Am I sassy enough for you? You bet your sweet little net-surfing asses I am! And now my blog is shinier, prettier, and sassier. Because we have to keep up with things, people. Seriously. None of that shitty-looking blog template to defile your eyes, sweet kittens.
And shoes? Well, I love them. With the passion of a Biggest Loser contestant that finds themselves locked in a bakery overnight. Except shoes don't slather over my skin as well as buttercream does.
There was another template I briefly considered. But Aunt Becky helped me see the pornographic, retina-burning-blaze-orange error of my ways. And I'm going to try and fix this light font, don't you worry. So please be patient if all of a sudden my font turns white or some crap. I'll fix it all one way or the other. If you'd like to find a spiffy new template for yourselves, scope out PYZAM. I think they're just for blogger, but I'm a fucking idiot today so I can't be relied upon for anything, really.
My aunt is now out of surgery, and everything went as well as could be expected. It was textbook. She will be released tomorrow, so hopefully she'll only be out for two weeks. Because to be honest, while I'm not exactly nervous about doing my best at doing both her job and mine at the same time... I'm not completely at ease, either. I just figure I'm going to have to take what comes my way and figure out how to get shit done.
Today is a slow day. I'm just not quite on my tip-top awesomeness. Which, I know, you didn't think was possible. So I'm going to entertain you by telling you the story of the first time I met Erf's parents. Because it's goddamn funny.
Erf's parents invited me up to dinner a few weeks after we started dating. I, of course, was the proper amount of a nervous wreck. I liked this guy, and I hoped that his parents liked me. But I know now that, well, everyone likes me. :) Erf was done with school early that day (yes, we're high school sweethearts. Awwww....)(Shyaddup.), and so he and his sister came to pick me up. My hair looked fine, I had minimal makeup on... Enough to look pretty and like I cared about my appearance, but not too much. Don't want to scream 'WHORE' when I walk in.
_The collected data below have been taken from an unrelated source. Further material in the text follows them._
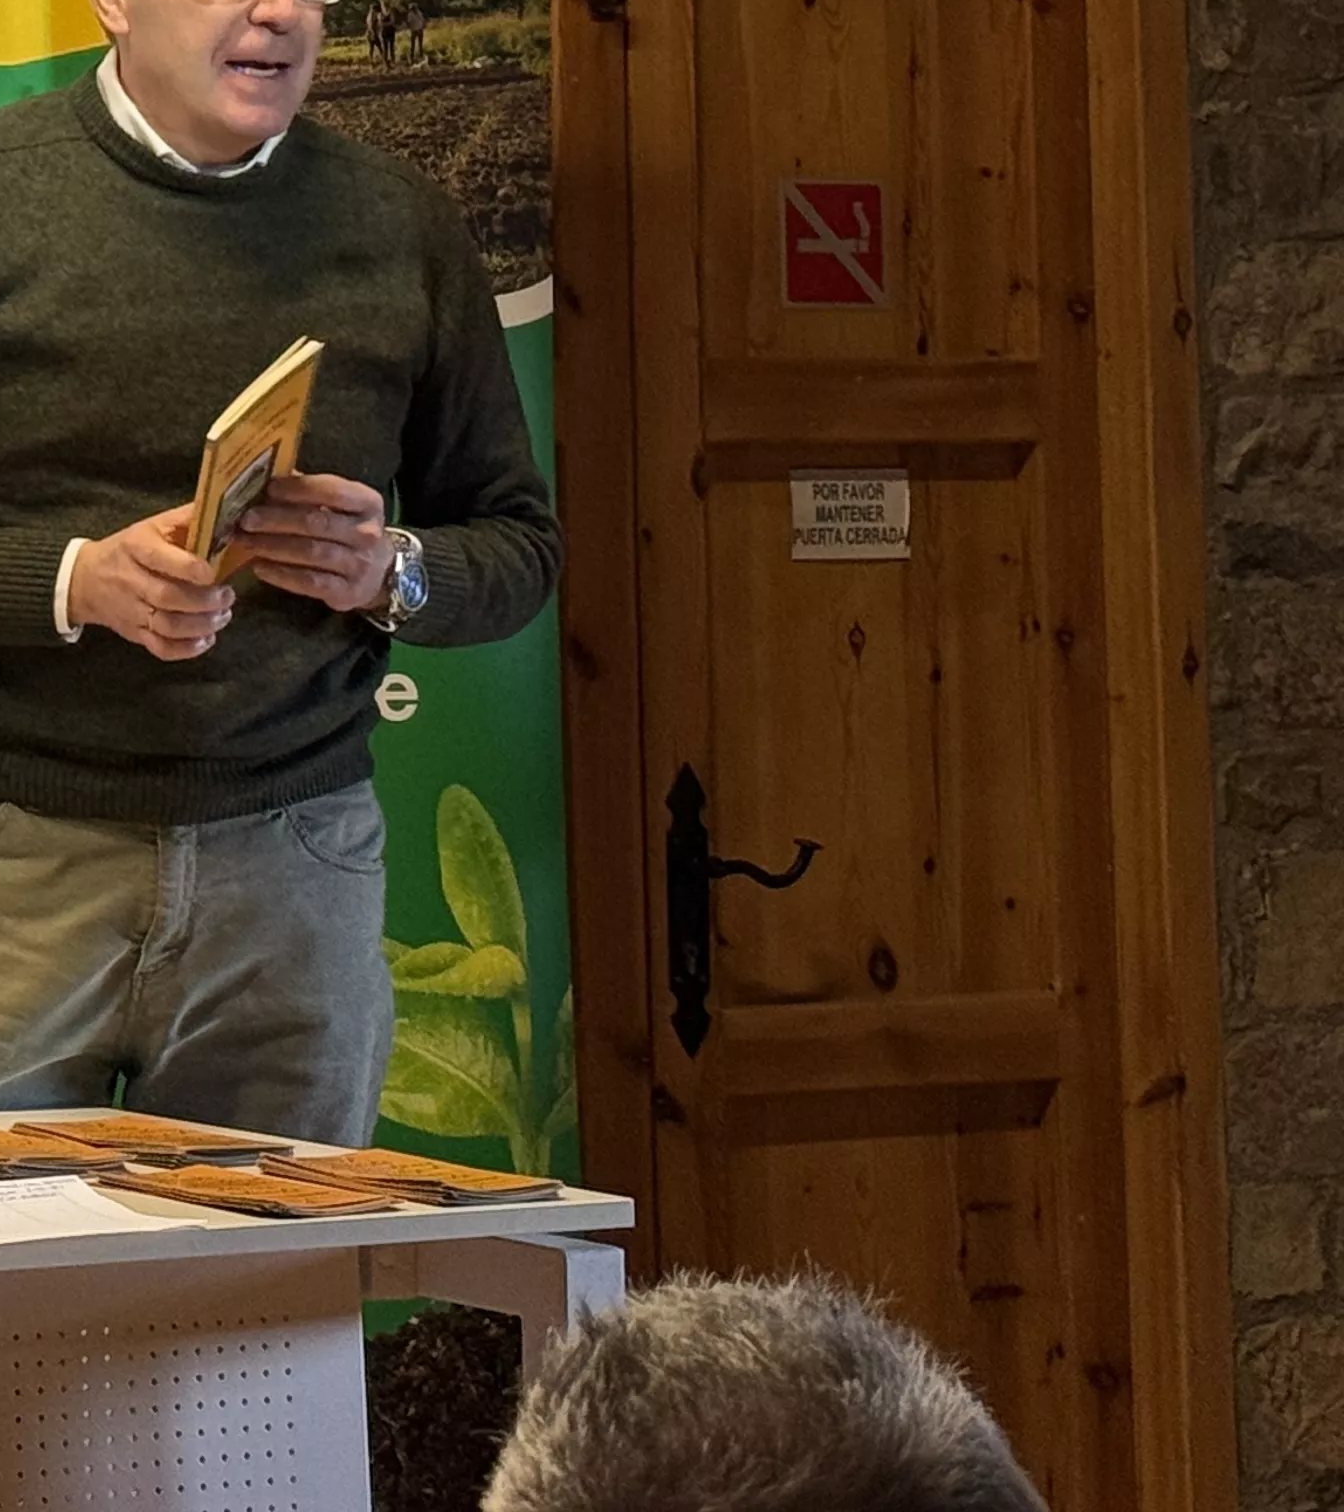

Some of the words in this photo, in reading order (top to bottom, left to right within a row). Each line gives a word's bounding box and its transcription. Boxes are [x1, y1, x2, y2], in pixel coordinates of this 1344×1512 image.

[812, 482, 840, 501] POR
[842, 482, 885, 501] FAVOR
[815, 504, 885, 523] MANTENER
[793, 526, 844, 545] PUERTA
[846, 526, 907, 545] CERRADA
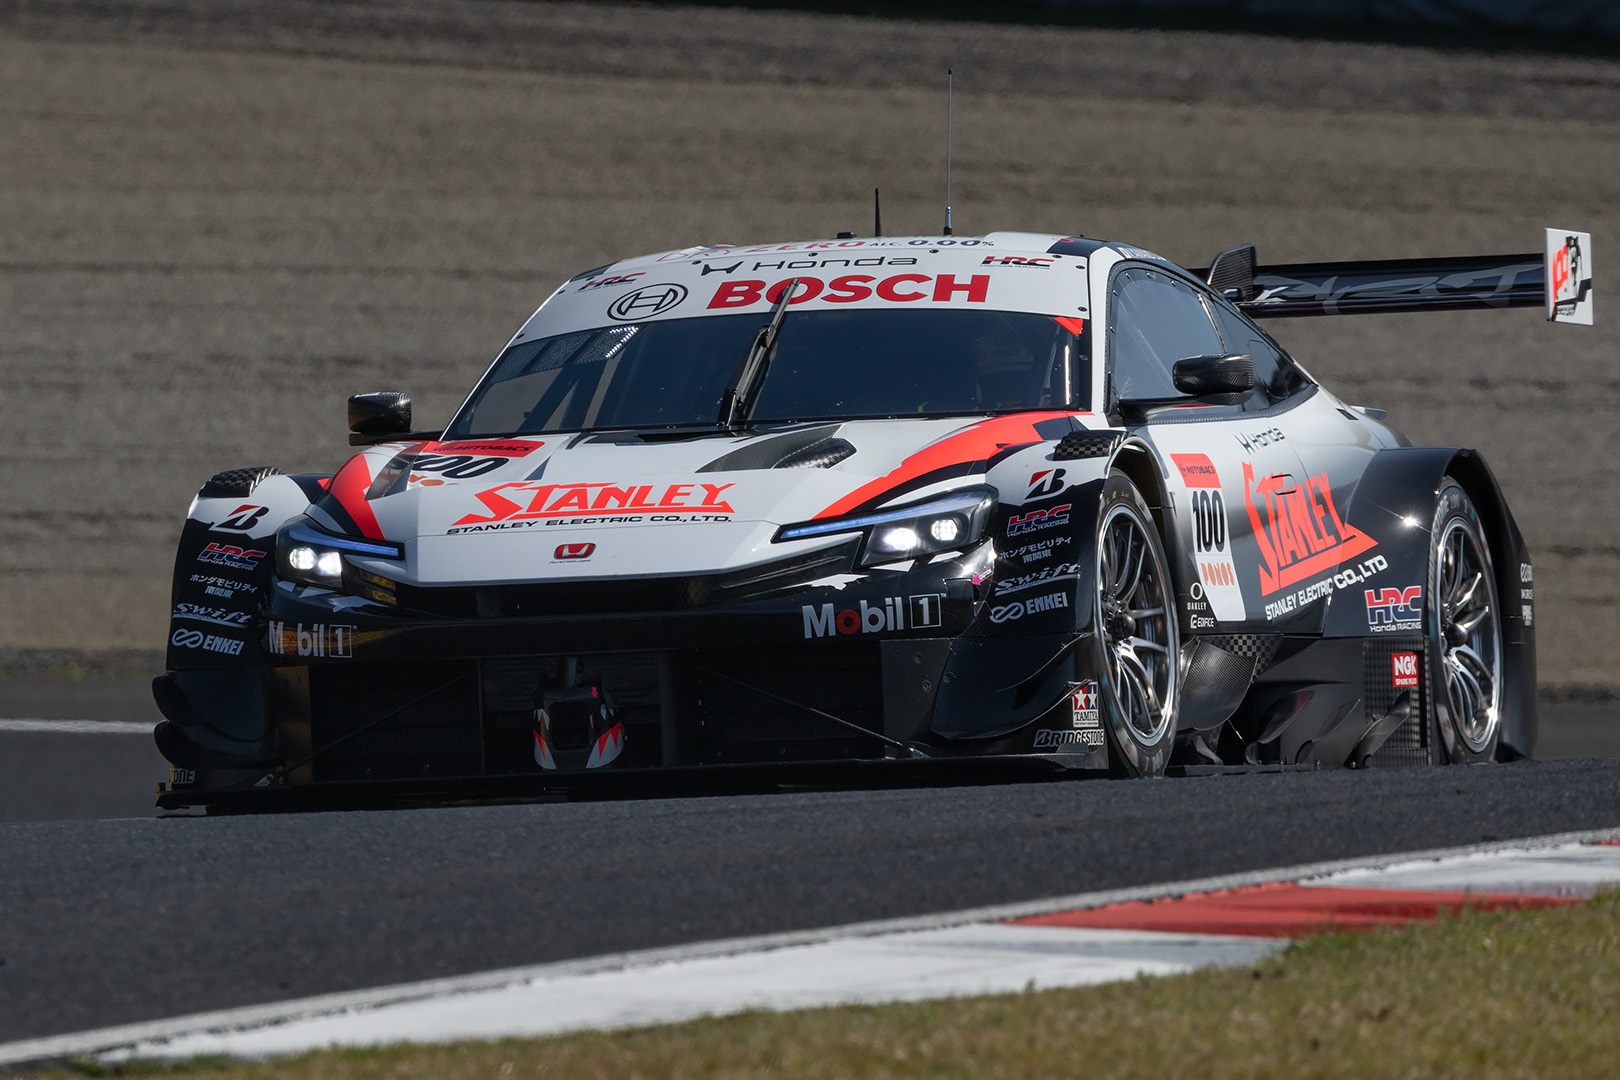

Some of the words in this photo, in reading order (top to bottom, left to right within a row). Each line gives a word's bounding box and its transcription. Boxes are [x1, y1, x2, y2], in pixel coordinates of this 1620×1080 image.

We walked in to the house and I was introduced. Things had that amount of tension in the air that there always seems to be when you first meet your significant other's parents. But that's ok, everyone always expects it. You don't want to say the wrong thing, because really, it's like an audition.
We sat down to the first of the many dinners I've had there; beef stroganoff. I even ate the onions, and I'm one of the pickiest eaters I know. We're all sitting around making small talk and chit-chatting between bites, when Erf's mom apparently decided it was just too tense.
So she decided to break the ice with this little gem:
"So, Ashley. Did you know that (Erf) has one nut that's smaller than the other?"
I almost pissed myself. She just pulled it into the conversation so casually. Like she was asking if I knew if he had blonde hair.
Poor Erf turned purple, he was so embarrassed. Here I hadn't even gotten into his pants yet, and his mom is asking me about his testicles.
Cindy and I got along famously from that point on. She was one of the sweetest, funniest people I've ever met. I wish Erflet could have met her. They would have loved each other so much...
In other news, my friend Cheryl's (who I met for dinner and drinks last night) job is moving her to the same building and the same floor as I work in! We're gonna be next-door-floor neighbors! I'm pretty psyched about that.
So, um, yeah. I'm going to go drink my jasmine tea (this tea is the shit) and possibly watch the New Moon Trailer again... Cause I'm a fucking dork today. :)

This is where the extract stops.